January 9, 2020 Marketing Team

A guest blog with Lisa Christianson, Christianson & Company Commercial Real Estate Service

With over two decades of experience as a broker and marketing professional for commercial real estate companies, I am very familiar with the ins and outs of the business. Commercial real estate is typically more complex than residential; there are many nuances. 

If you’re on the hunt for a property in the greater Twin Cities area, you may be faced with a variety of considerations depending on your business category (i.e: retail, office, industrial). Your best first step is to connect with a commercial real estate broker that you get along with. The best broker is someone who understands your brand, company culture, site requirements, is receptive to your needs, and asks a lot of questions in order to connect you with the right properties. 

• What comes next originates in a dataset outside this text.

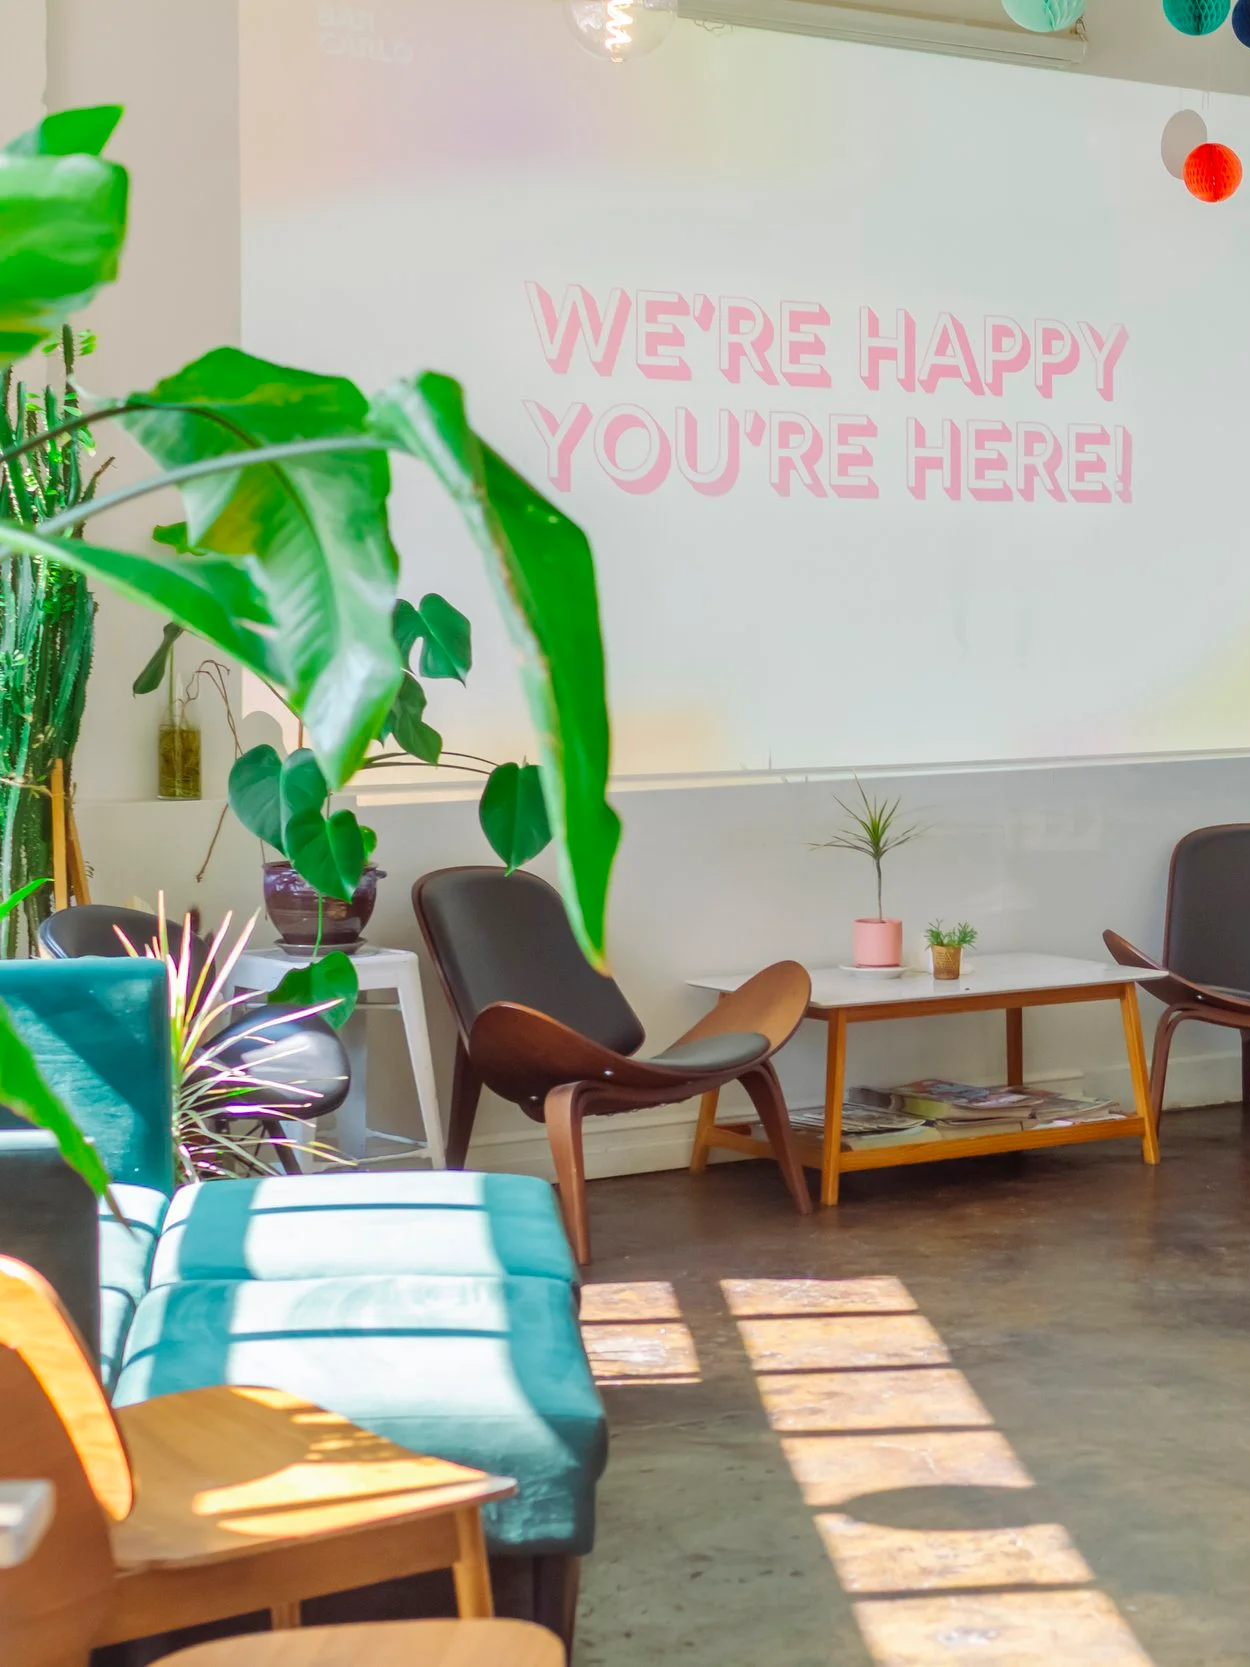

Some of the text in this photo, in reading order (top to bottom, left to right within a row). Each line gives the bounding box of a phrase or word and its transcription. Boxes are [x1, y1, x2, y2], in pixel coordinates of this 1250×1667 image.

A good broker understands the motivation of the landlord and can guide you to strike the best possible deal. For example, some landlords are only willing to lease the space as-others may be willing to turn key a build out or provide significant tenant improvement dollars. They may be looking for a longer term lease, others will be a little more flexible with their terms. 

Unfortunately, I see a lot of clients giving in too soon or not asking the right questions on the front end and then getting in trouble on the back end. As a business owner, you should understand all components of the deal, including upfront and future costs involved prior to signing your lease. 

Careful though, time kills deals. If you wait too long to close a deal, you risk another buyer swooping in to secure your property. Additionally, I see brokers and tenants make the mistake of closing the deal on a space then not talking again until a few months before their lease is up. Tenants often don’t take advantage of the opportunity to engage their broker throughout the lease term to help with real estate decisions for things such as renovation, relocation, renewals, acquisitions or expansion. By staying in close contact with your broker you’ll be ready to hit the ground running with everything you need when the time comes to start looking for new spaces or to negotiate a renewal!

There’s the term “location, location, location” but when it comes to commercial real estate it depends on what kind of business you’re in. If your business needs to have visibility and accessibility for clients, you’re going to pay more for it. However, if you don’t have clients coming to your door and you can be more tucked away, you can achieve more savings. 

Ultimately, the one location that will work for you is going to be dependent on your understanding of what makes sense for your business, employee engagement and retention,  product, service, and your customer demographics.

When choosing a commercial property that fits your needs, there are many variables to consider. If you have good representation working in your best interests (lawyer, broker, banker accountant, and contractor) you can avoid common pitfalls and expedite the process in securing your business’s dream space!